Popularly known simply as "Lula" said at a Thursday afternoon press conference that his Worker' Party "government was the most inclusive Brazil has ever seen," and invested heavily in education, and had made every effort to rid the country of longstanding corruption.
The implication couldn´t be clearer. Rousseff is a woman of color, and she'd been replaced by an unelected administration of white-men, nearly half of whom are under investigation for corruption, public malfeasance, bribe-taking and influence peddling while in office. Rousseff, on the other hand, was impeached for "cooking the books" to make Brazil's financial situation appear better than it was in the runup to her reelection campaign.
Making refference to Dilma Rousseff's senate impeachement, Lula said that "it has been shown that bureaucracy is more powerful than the President of the country," calling the whole process a "spectale." He also hinted that he will indeed run in the next presidential election.
"If my adversaries want to bring me down, they will have to fight me with votes."
Lula and his wife, Marisa Leticia Lula da Silva, are formally accused of corruption, fraud and money laundering.

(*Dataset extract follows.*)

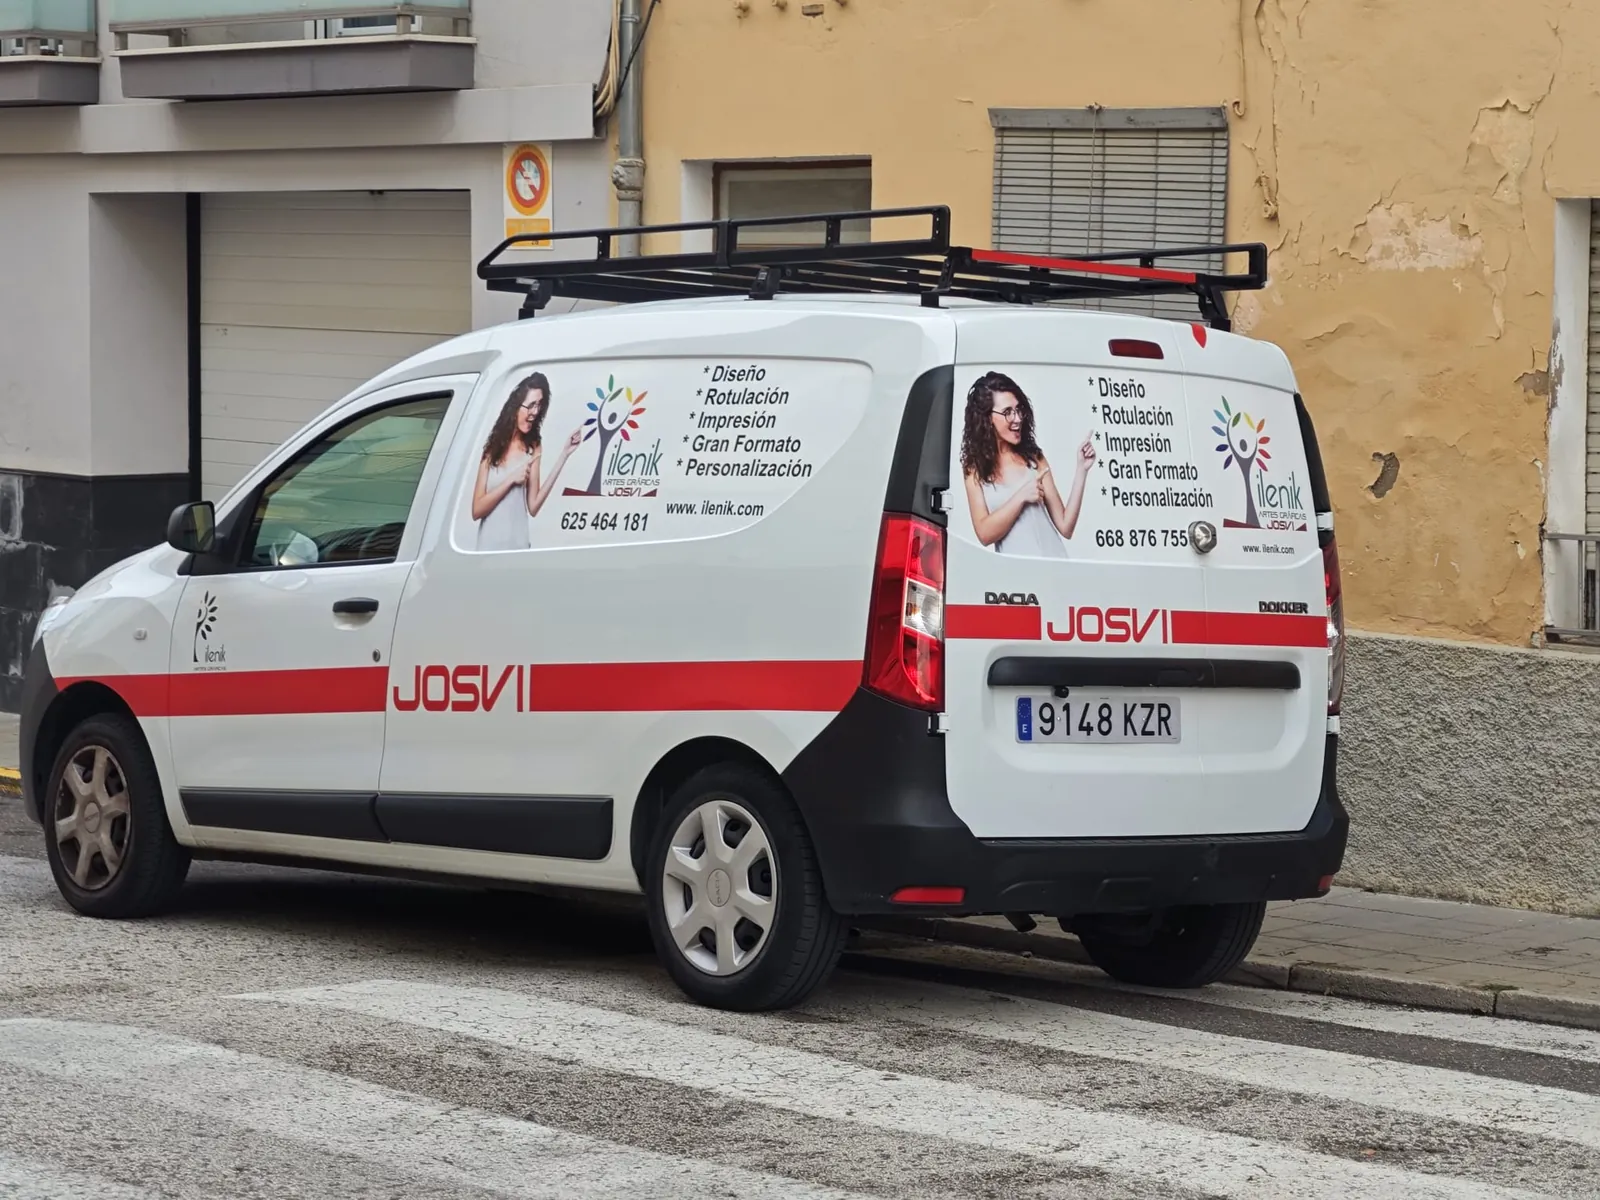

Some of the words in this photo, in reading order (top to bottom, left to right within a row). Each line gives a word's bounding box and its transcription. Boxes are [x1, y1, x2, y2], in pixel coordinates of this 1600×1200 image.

Leo Pinheiro, former president of the construction company OAS, and Paulo Gordilho, an engineer at the construction company, are also accused of corruption.
According to allegations from federal police, Lula was the mastermind of the corruption scheme at the state-managed oil company, Petrobras, and directly benefited in the form of a gifted apartment in Guaruja and a farm in Atibaia, both in the state of Sao Paulo.
Supporters argue the actions against Lula are politically motivated and an attempt to prevent him from running as president in the next election in 2018.
Lula remains a popular figure, and some believe he is the odds-on-favorite to win the next presidential poll.